Selanjutnya, ILA mengajak jurnalis tasfm.com untuk konfirmasi ke pihak sekolahan, namun, rasa kecewa semakin dalam dirasakannya, karena tidak satupun pengurus sekolahan yang membidangi tidak bisa ditemui dengan beberapa alasan.
“Maaf bapak, Bidang Pembinaan (BP), Bidang Kesiswaan (BK), Bidang sarana dan prasarana (Sarpras) dan Kepala Sekolah (KS) sedang tidak ada ditempat, seSatu dinas luar (DL),” ucap salah satu pengurus sekolah.
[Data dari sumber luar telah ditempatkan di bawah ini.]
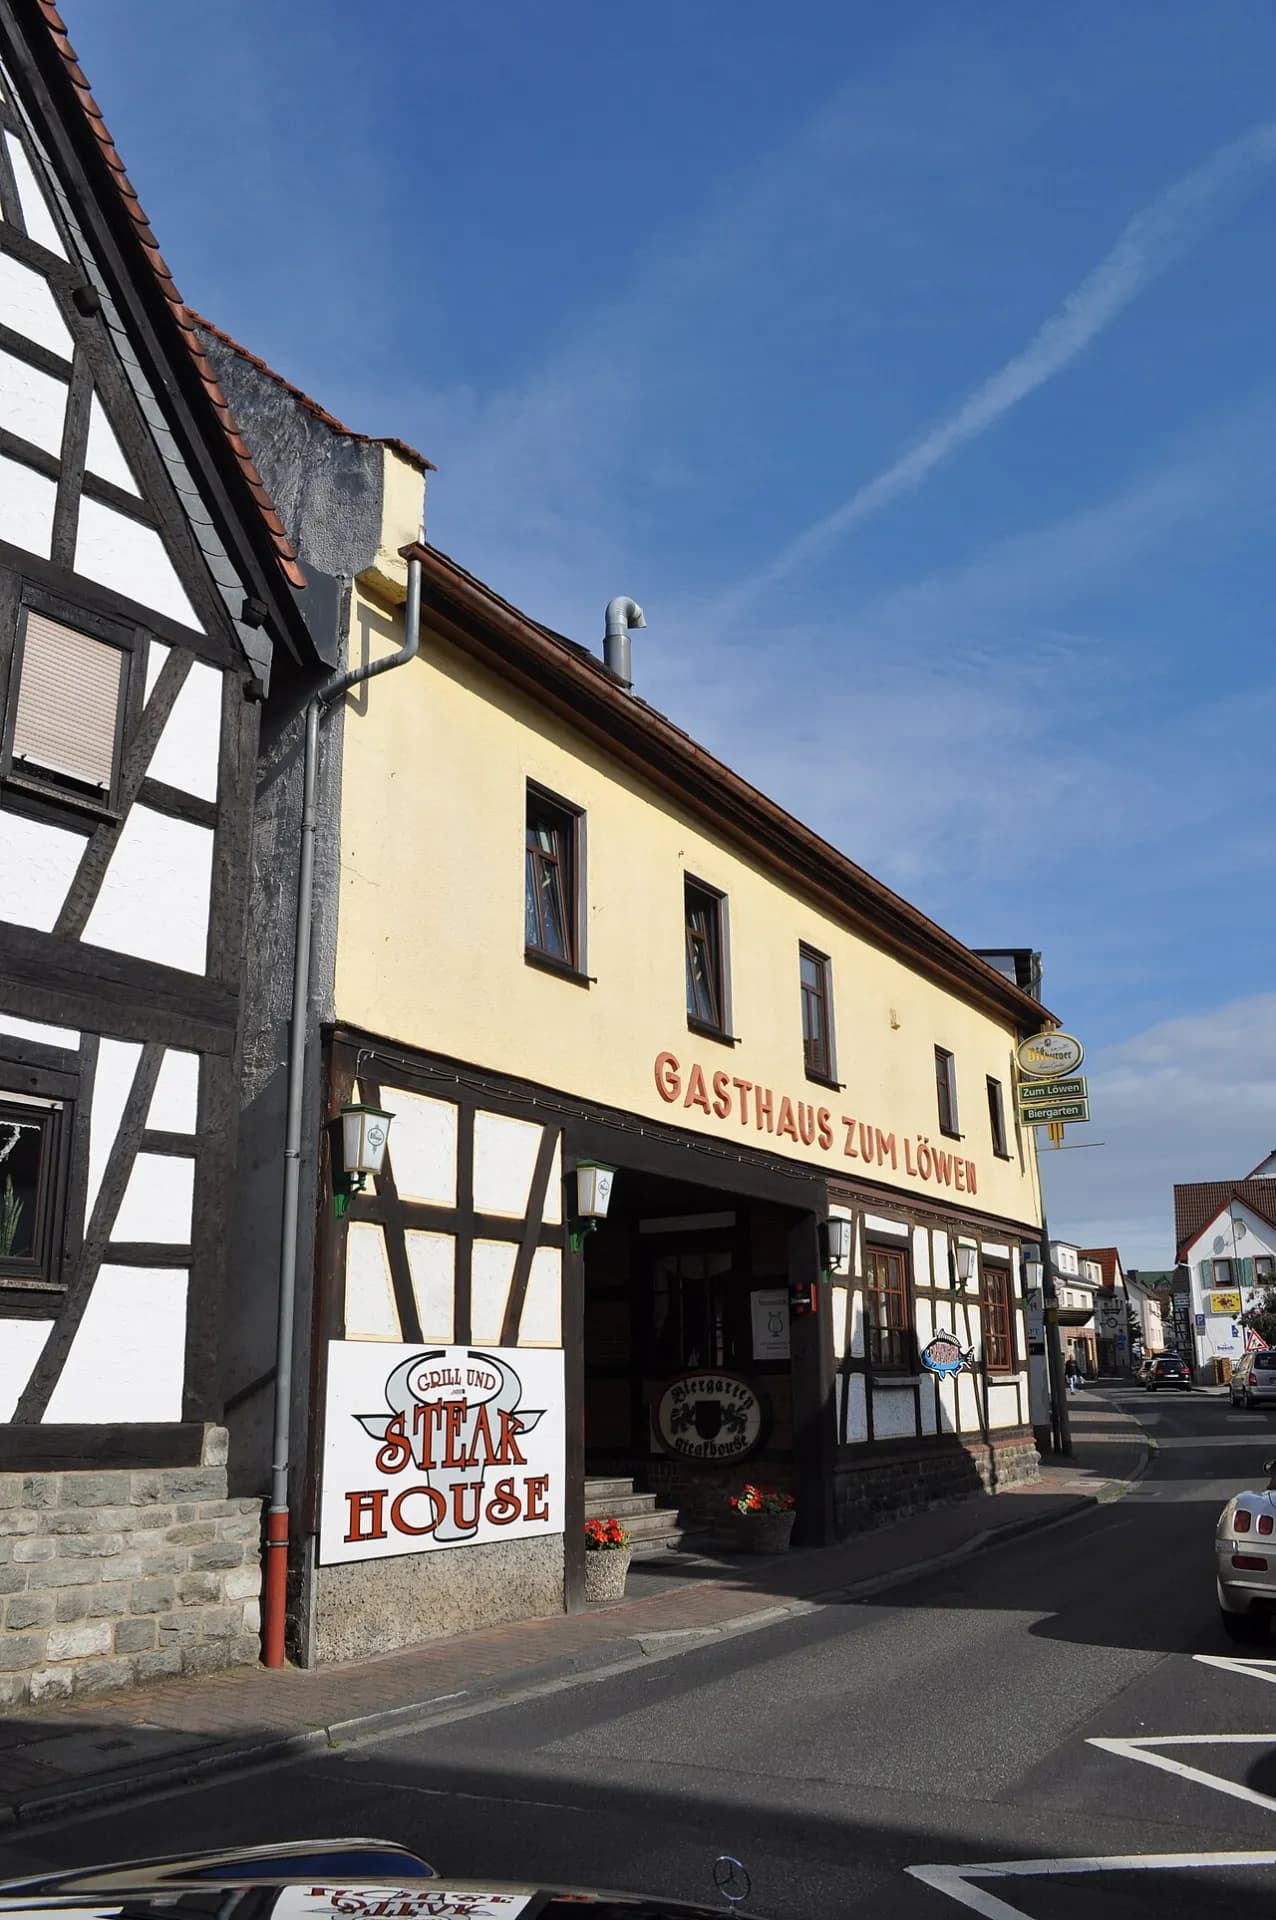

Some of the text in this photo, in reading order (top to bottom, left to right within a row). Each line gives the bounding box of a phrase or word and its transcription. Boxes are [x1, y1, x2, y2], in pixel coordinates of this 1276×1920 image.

[1023, 1084, 1080, 1097] Zum Löwen
[654, 1051, 977, 1195] GASTHAUS ZUM LÖWEN
[1028, 1106, 1079, 1119] Biergarten
[417, 1368, 496, 1391] GRILL UND
[671, 1379, 754, 1411] Biergarten
[375, 1397, 528, 1475] STEAK
[343, 1474, 550, 1543] HOUSE
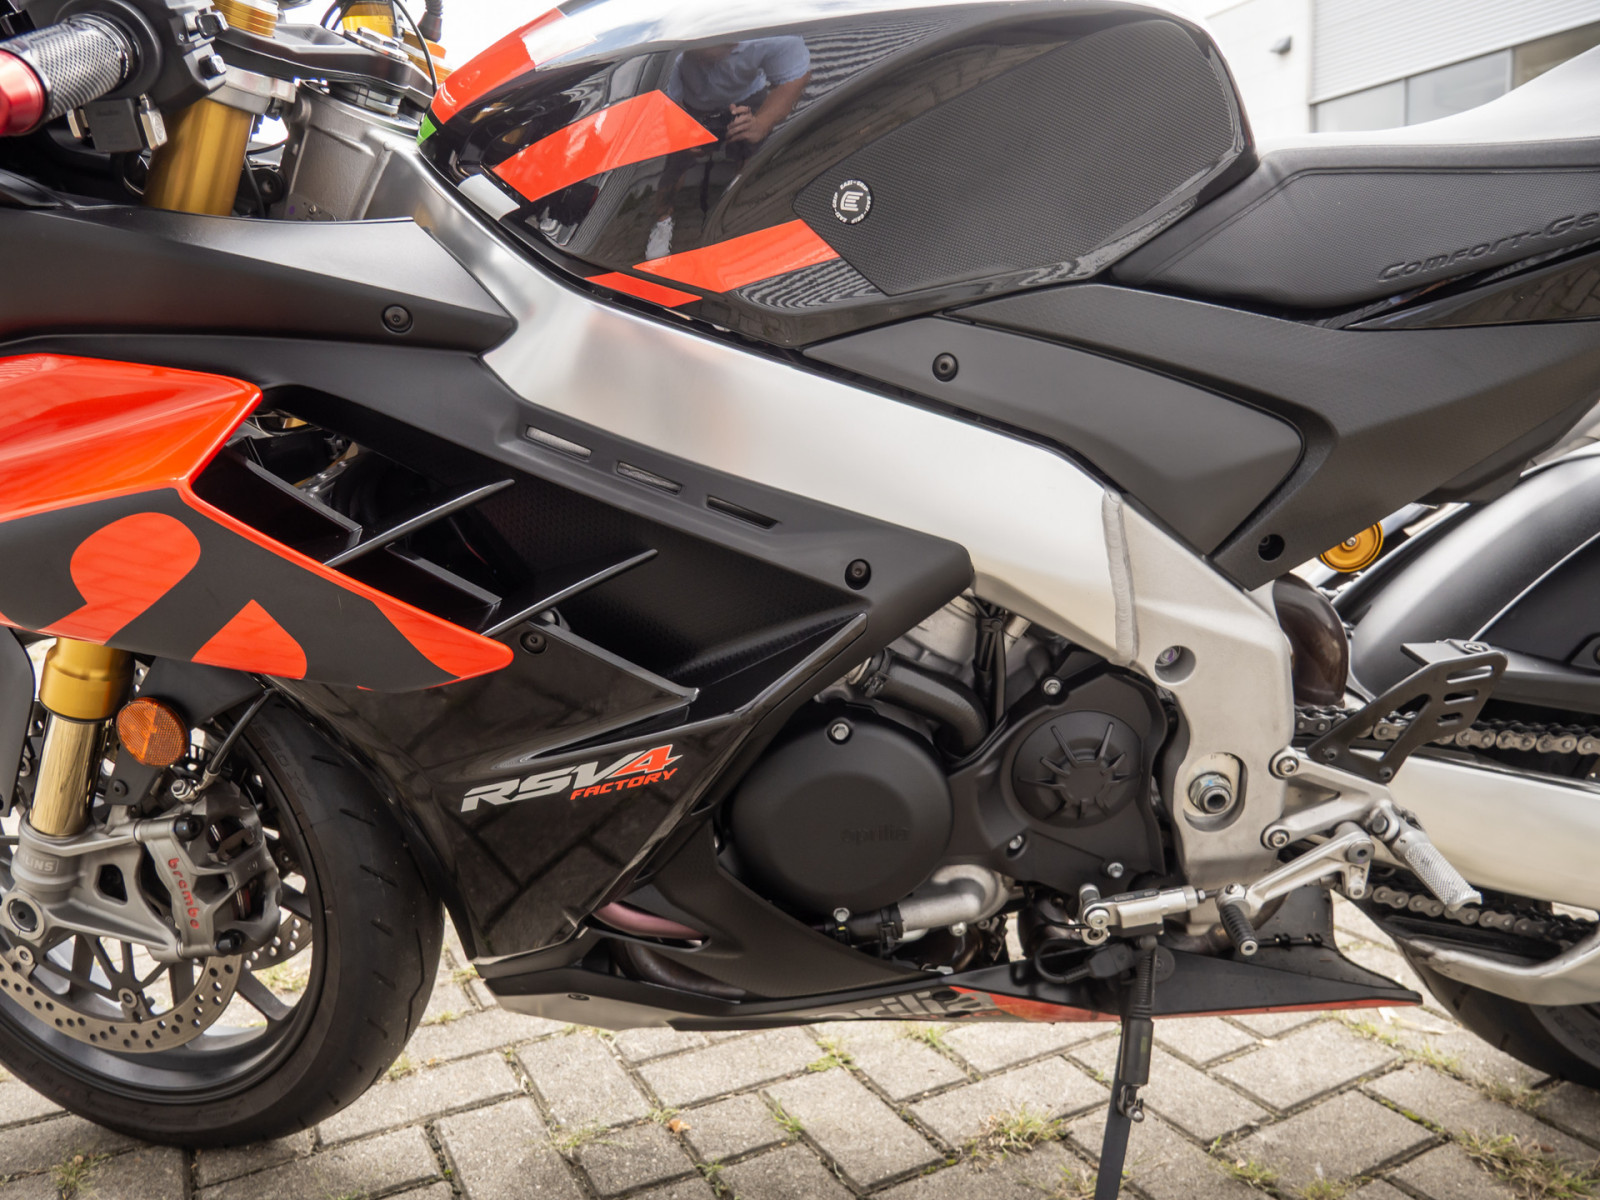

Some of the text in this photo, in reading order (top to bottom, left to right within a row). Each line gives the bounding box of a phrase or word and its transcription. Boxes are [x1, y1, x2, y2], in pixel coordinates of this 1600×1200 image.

[461, 744, 683, 813] RSV4
[569, 767, 678, 801] FACTORY
[20, 852, 54, 872] LINS
[168, 857, 200, 930] brembo
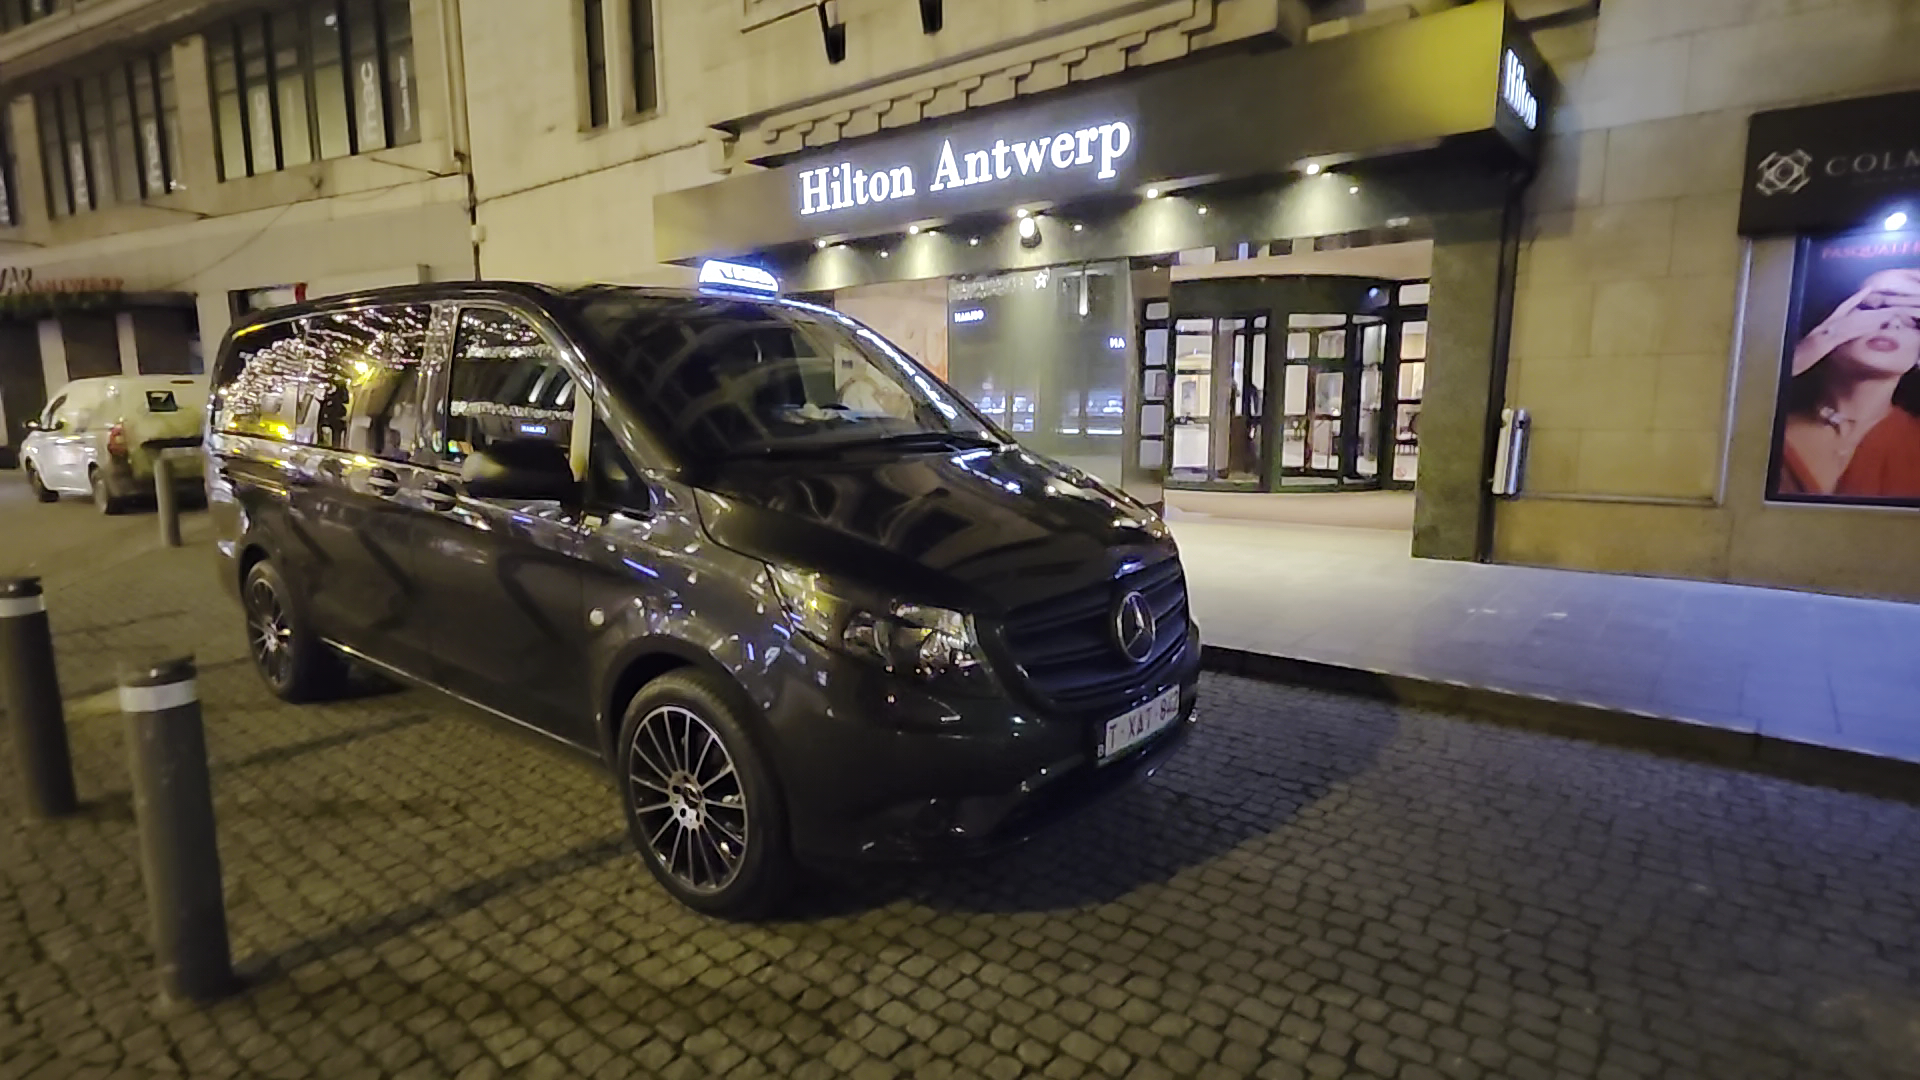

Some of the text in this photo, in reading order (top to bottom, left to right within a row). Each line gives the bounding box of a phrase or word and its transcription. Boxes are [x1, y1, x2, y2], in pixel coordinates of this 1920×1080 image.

Untuk itu, ILA minta tolong untuk menghubungkan ke Cabang Dinas Pendidikan Wilayah Kediri (Cabdindik). Setelah melalui proses lewat telepon, ILA berhadapan langsung dengan pengurus Cabdin. Setelah mengerti permasalahannya (pihak Cabdin), merasa berterimakasih atas aduan tersebut.
” Pada dasarnya saya akan lakukan pembinaan secara intens lagi kepada oknum sekolah tersebut,” jelas Kacabdin yang diwakili oleh Hari Utomo. Kamis (22/1/2026).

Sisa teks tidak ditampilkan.